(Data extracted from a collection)

□ □ □ □ □

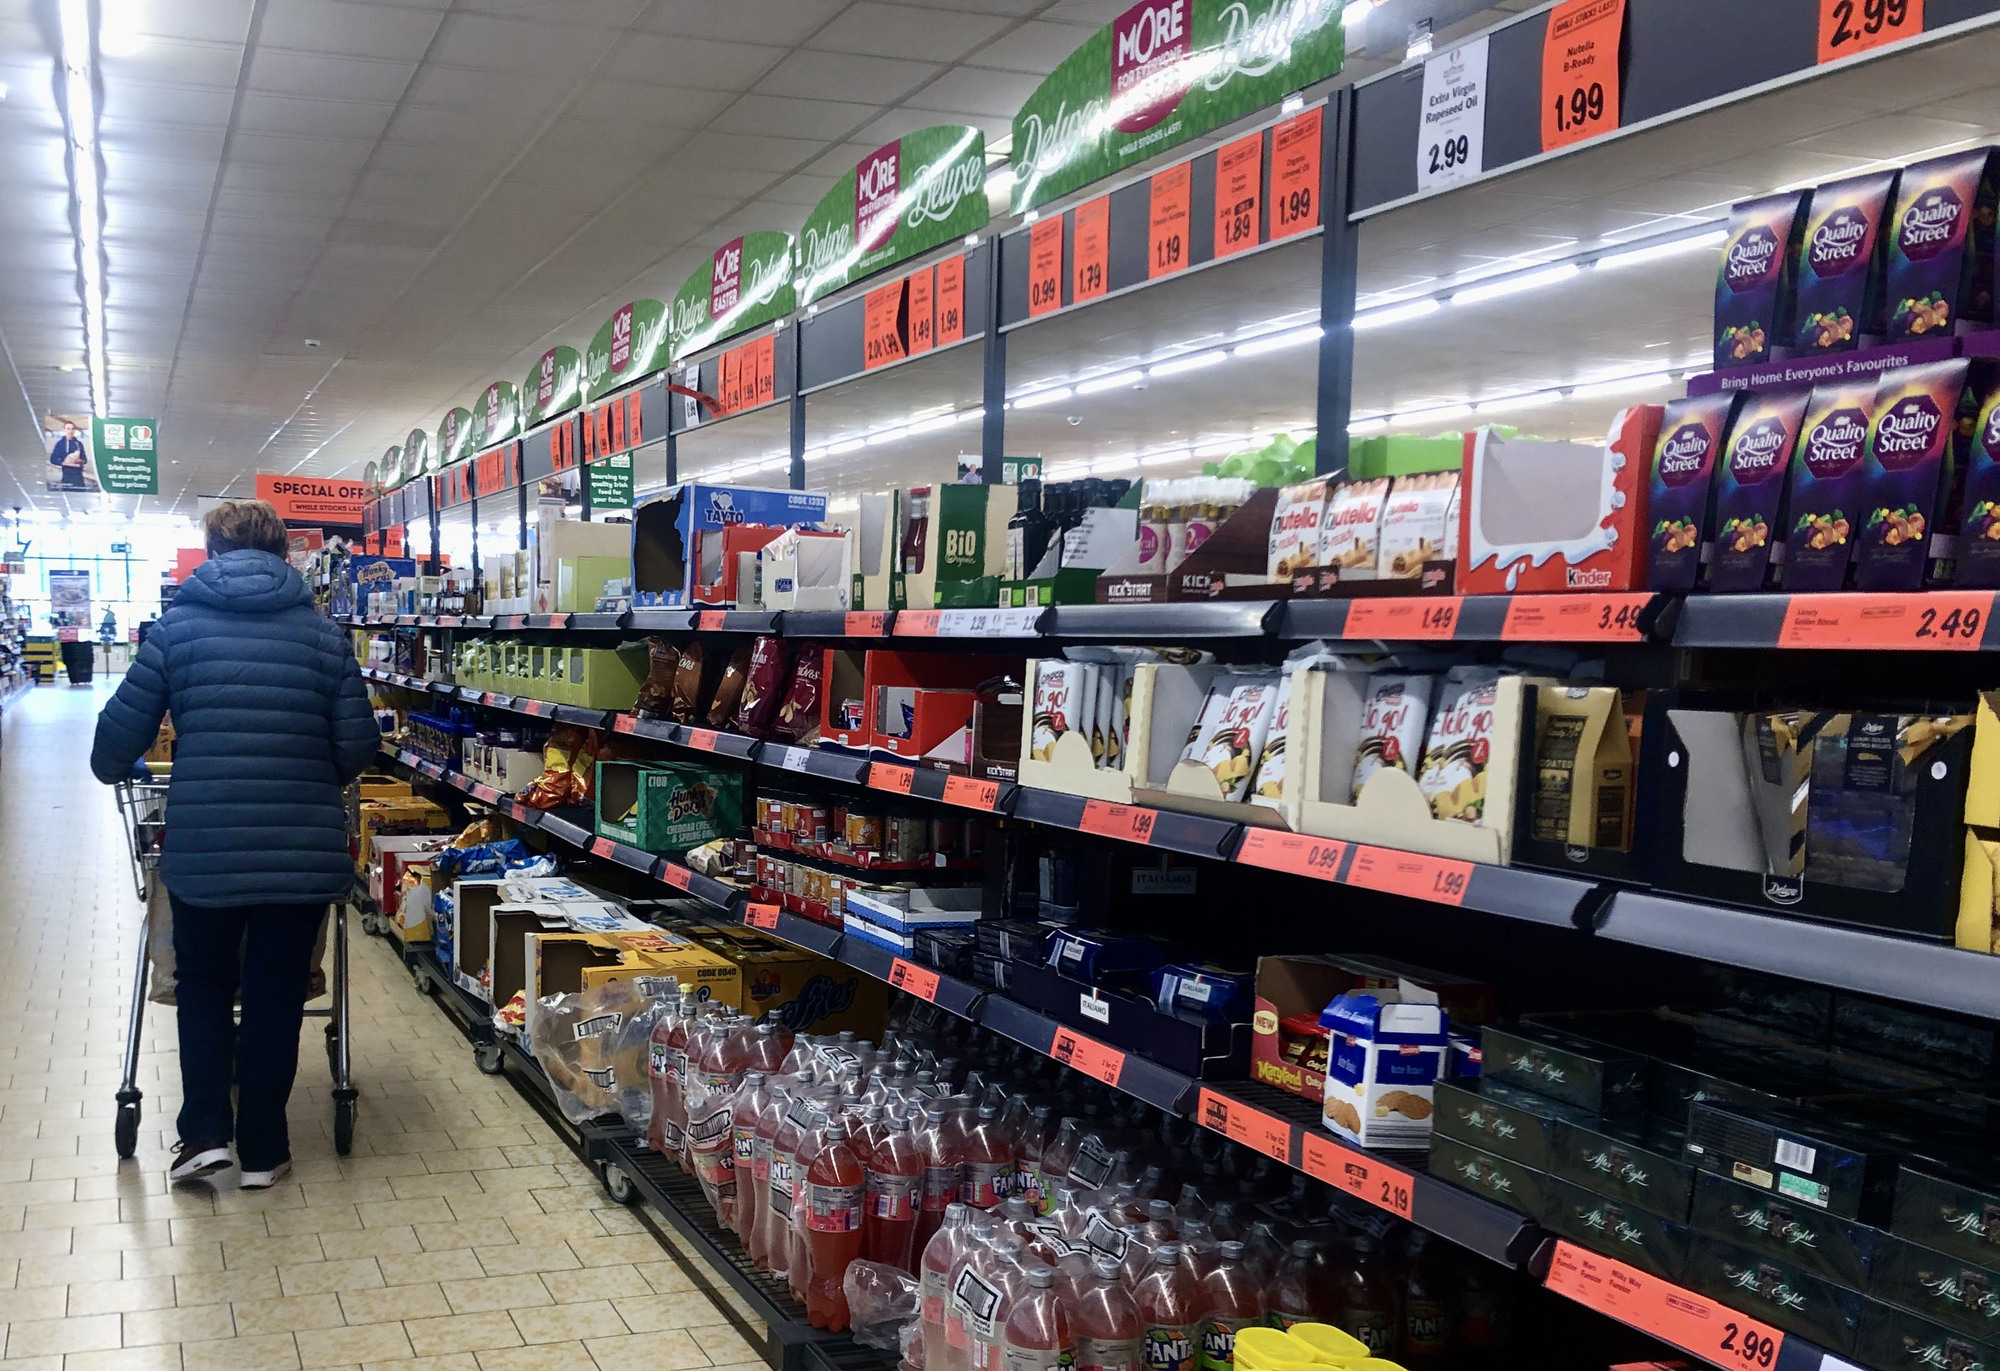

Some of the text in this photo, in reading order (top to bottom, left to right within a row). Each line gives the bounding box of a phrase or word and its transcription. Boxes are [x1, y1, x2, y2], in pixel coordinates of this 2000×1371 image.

[1575, 7, 1597, 25] STOCKS
[1831, 0, 1908, 47] 2.99
[1118, 3, 1184, 68] MORE
[1566, 40, 1594, 58] Nutella
[1563, 54, 1596, 73] B-Ready
[1117, 70, 1136, 89] FOR
[1430, 82, 1476, 107] Extra Virgin
[1555, 82, 1604, 132] 1.99
[1426, 95, 1478, 124] Rapeseed Oil
[1137, 129, 1163, 150] STOCKS
[1428, 134, 1468, 174] 2.99
[859, 155, 896, 200] MORE
[907, 156, 982, 228] Deluxe
[1280, 188, 1310, 226] 1.99
[1903, 202, 1962, 228] Quality
[1225, 214, 1250, 244] 1.89
[1813, 220, 1868, 246] Quality
[1904, 225, 1950, 246] Street
[1158, 234, 1180, 268] 1.19
[1729, 239, 1778, 260] Quality
[1813, 243, 1856, 263] Street
[714, 248, 740, 282] MORE
[1729, 261, 1768, 278] Street
[712, 288, 738, 314] EASTER
[1032, 278, 1055, 306] 0.99
[614, 312, 632, 340] MORE
[673, 294, 708, 341] Deluxe
[942, 308, 958, 334] 1.99
[912, 318, 930, 343] 1.49
[1721, 354, 1909, 390] Bring Home Everyone's Favourites
[1810, 424, 1868, 447] Quality
[1878, 412, 1940, 434] Quality
[1662, 436, 1710, 458] Quality
[1734, 432, 1786, 454] Quality
[1810, 444, 1856, 462] Street
[1878, 434, 1928, 452] Street
[126, 465, 151, 473] quality
[1663, 458, 1701, 473] Street
[1735, 454, 1776, 470] Street
[591, 473, 618, 481] Sourcing
[273, 482, 364, 499] SPECIAL OFF
[788, 496, 807, 504] CODE
[705, 510, 744, 524] TAYTO
[1272, 506, 1318, 534] nutella
[1324, 504, 1377, 530] nutella
[1568, 568, 1611, 586] kinder
[1422, 606, 1454, 629] 1.49
[1598, 605, 1642, 630] 3.49
[1916, 608, 1980, 638] 2.49
[1045, 686, 1068, 713] go!
[1238, 701, 1265, 726] go!
[1378, 704, 1408, 740] go!
[1466, 710, 1493, 742] go
[668, 788, 707, 808] Hunky
[667, 822, 696, 834] CHEDDAR
[1132, 813, 1150, 834] 1.99
[678, 831, 701, 842] SPRING
[1308, 846, 1338, 868] 0.99
[1136, 873, 1192, 884] ITALIAMO
[1434, 870, 1463, 896] 1.99
[1768, 882, 1798, 898] Deluxe
[697, 968, 736, 978] CODE 0040
[1182, 982, 1208, 995] ITALIAMO
[1082, 1001, 1107, 1016] ITALIAMO
[1256, 1016, 1276, 1030] NEW
[1256, 1059, 1302, 1087] Maryland
[1512, 1055, 1566, 1083] After Eight
[1460, 1110, 1517, 1140] After Eight
[1457, 1160, 1512, 1192] After Eight
[1584, 1152, 1648, 1186] After Eight
[1381, 1180, 1408, 1212] 2.19
[1577, 1208, 1643, 1245] After Eight
[1732, 1208, 1817, 1248] After Eight
[1943, 1212, 1989, 1237] After
[1560, 1249, 1572, 1259] Twix
[1582, 1260, 1597, 1271] Mars
[1580, 1270, 1602, 1284] Funsize
[1609, 1279, 1632, 1295] Funsize
[1612, 1270, 1642, 1289] Milky Way
[1920, 1277, 1966, 1302] After
[1724, 1269, 1806, 1311] After Eight
[1720, 1322, 1774, 1367] 2.99
[1905, 1344, 1952, 1370] After
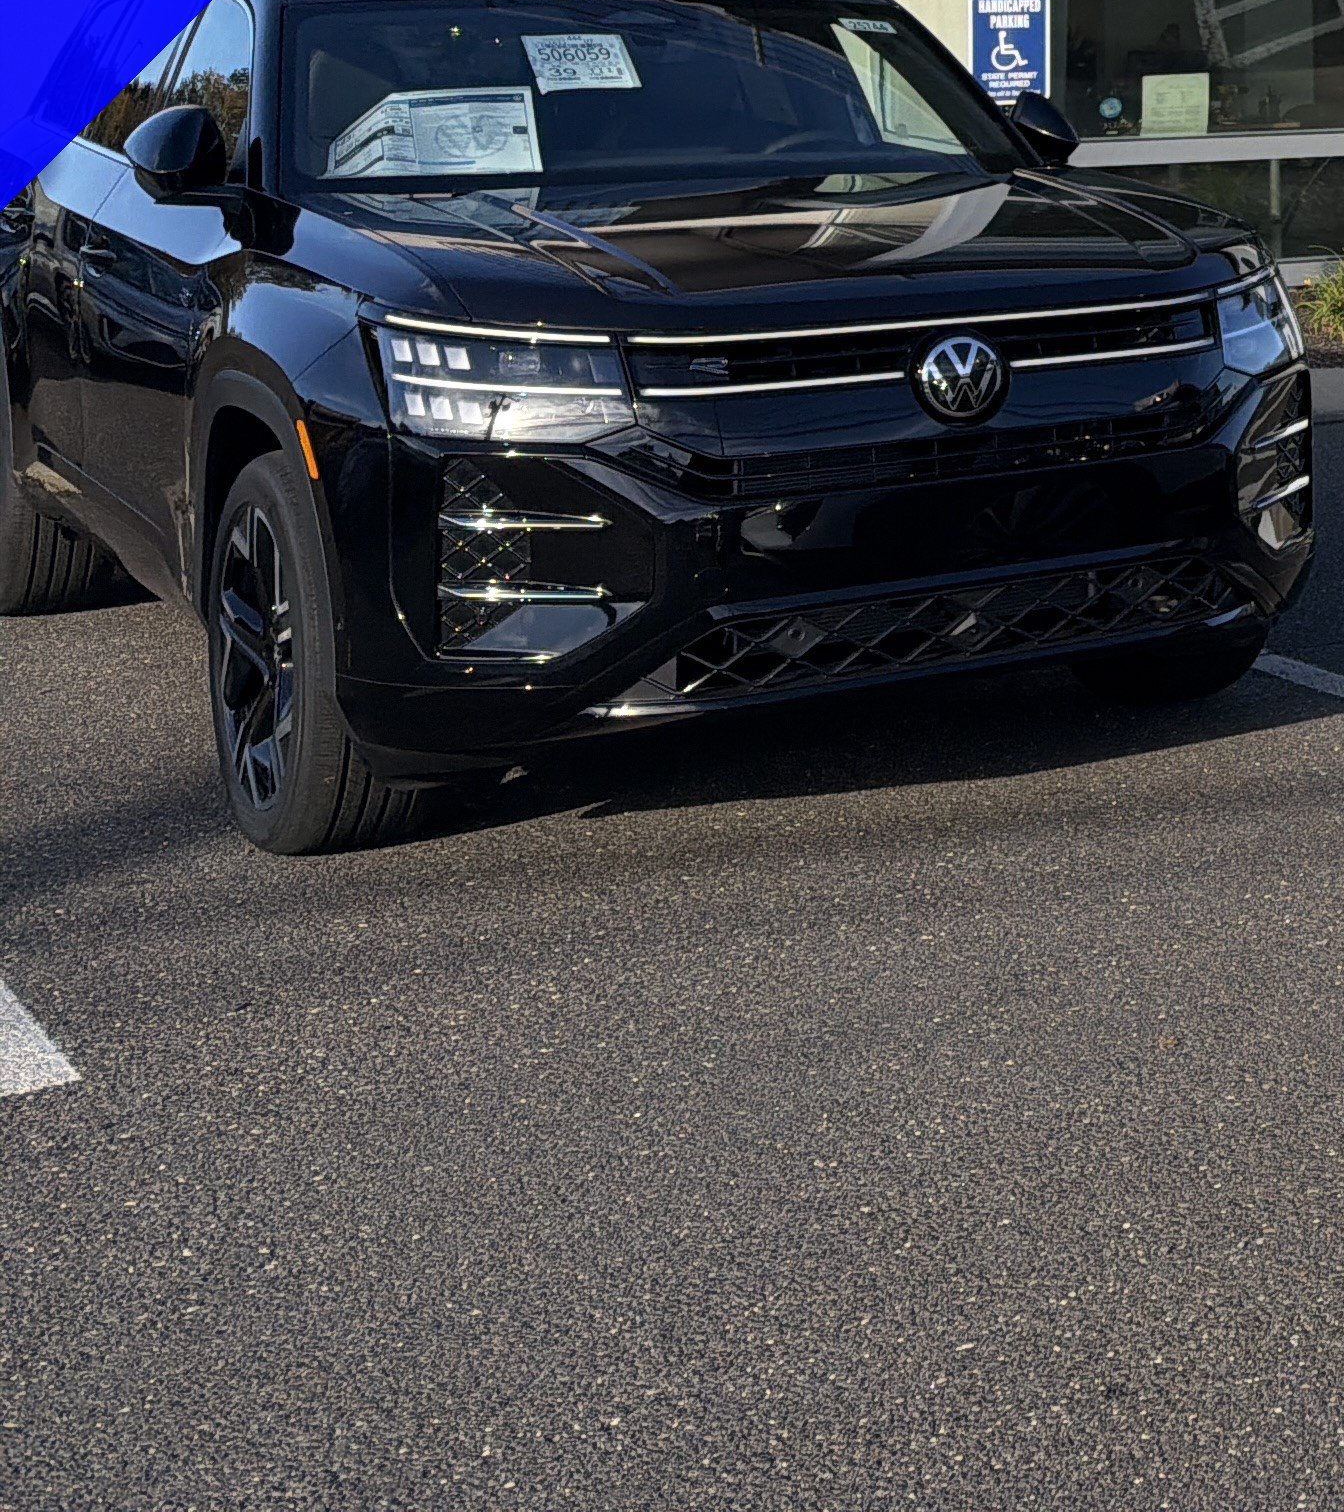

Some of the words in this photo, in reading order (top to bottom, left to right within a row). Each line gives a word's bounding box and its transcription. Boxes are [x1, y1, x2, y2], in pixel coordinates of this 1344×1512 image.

[990, 14, 1030, 29] PARKING
[537, 47, 611, 62] 506059
[548, 68, 577, 77] 39
[981, 72, 1006, 81] STATE
[1008, 71, 1038, 80] PERMIT
[989, 80, 1031, 89] REQUIRED

□ □ □ □ □

In the entries above, find lines with "Street" and copy each.

[1904, 225, 1950, 246] Street
[1813, 243, 1856, 263] Street
[1729, 261, 1768, 278] Street
[1810, 444, 1856, 462] Street
[1878, 434, 1928, 452] Street
[1663, 458, 1701, 473] Street
[1735, 454, 1776, 470] Street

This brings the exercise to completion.